Exercise:
Every line from the one holding "this 1280×1280 image." through the final line of the entries is to be reproduced exactly, and no other line.

[Stored data entries]
__________

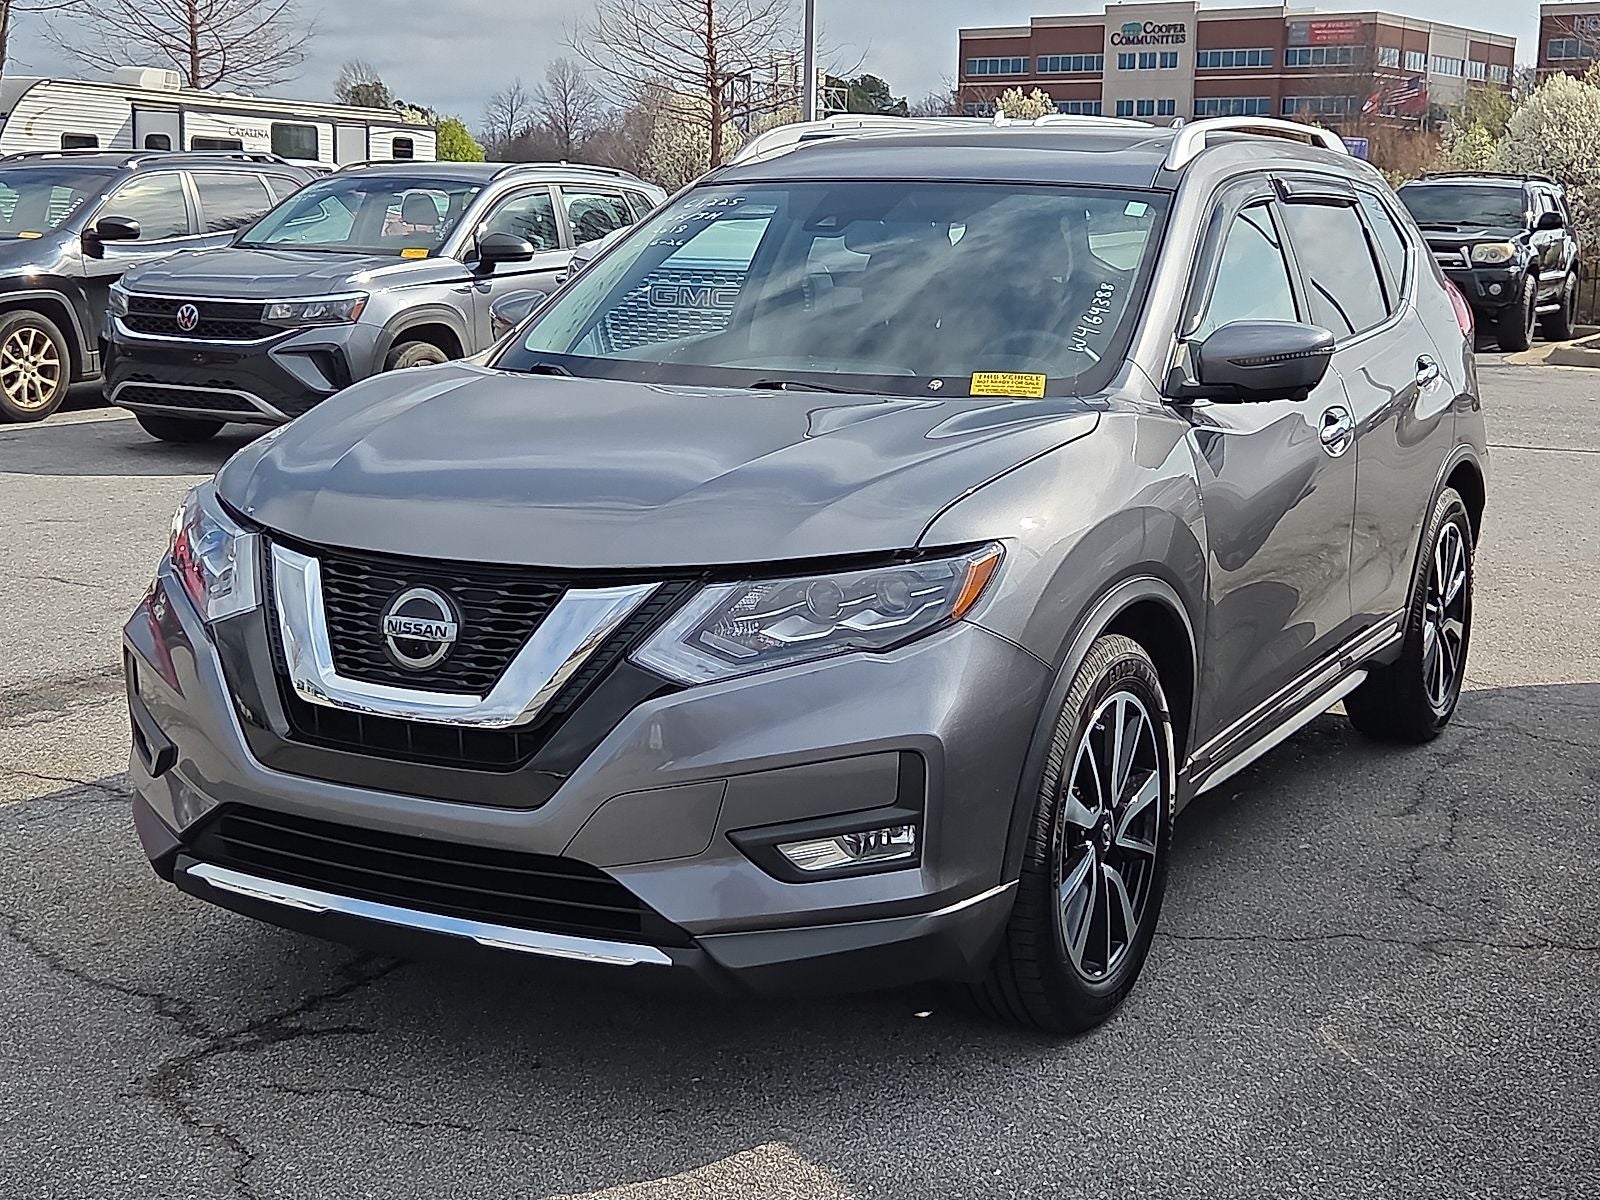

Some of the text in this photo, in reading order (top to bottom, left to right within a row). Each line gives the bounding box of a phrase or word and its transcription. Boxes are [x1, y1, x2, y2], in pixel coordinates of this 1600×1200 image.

[1143, 21, 1186, 34] COOPER
[1111, 33, 1186, 46] COMMUNITIES
[228, 126, 270, 139] CATALINA
[650, 285, 741, 308] GMC
[1002, 374, 1041, 382] VEHICLE
[387, 619, 448, 638] NISSAN
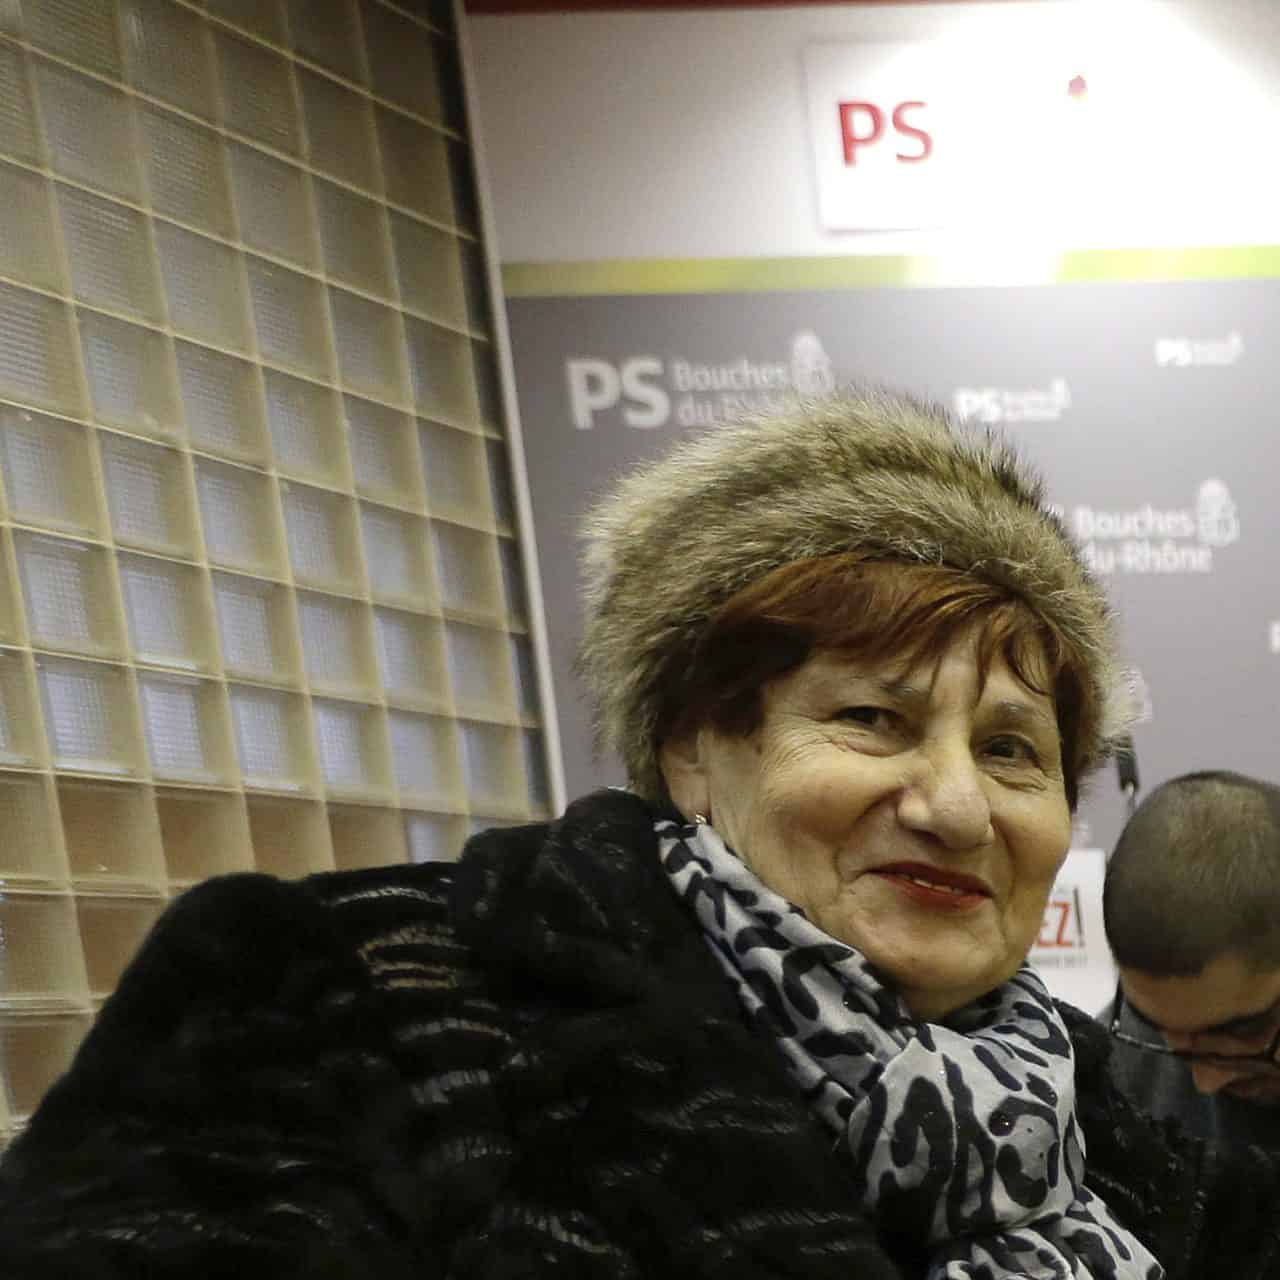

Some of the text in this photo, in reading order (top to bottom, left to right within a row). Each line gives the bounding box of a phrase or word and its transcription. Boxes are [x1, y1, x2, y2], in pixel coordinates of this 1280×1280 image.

[836, 100, 934, 166] PS
[567, 356, 671, 430] PS
[1074, 505, 1196, 540] Bouches

__________

Answer below:
Some of the text in this photo, in reading order (top to bottom, left to right within a row). Each line gives the bounding box of a phrase or word and its transcription. Boxes are [x1, y1, x2, y2], in pixel coordinates of this 1280×1280 image.

[836, 100, 934, 166] PS
[567, 356, 671, 430] PS
[1074, 505, 1196, 540] Bouches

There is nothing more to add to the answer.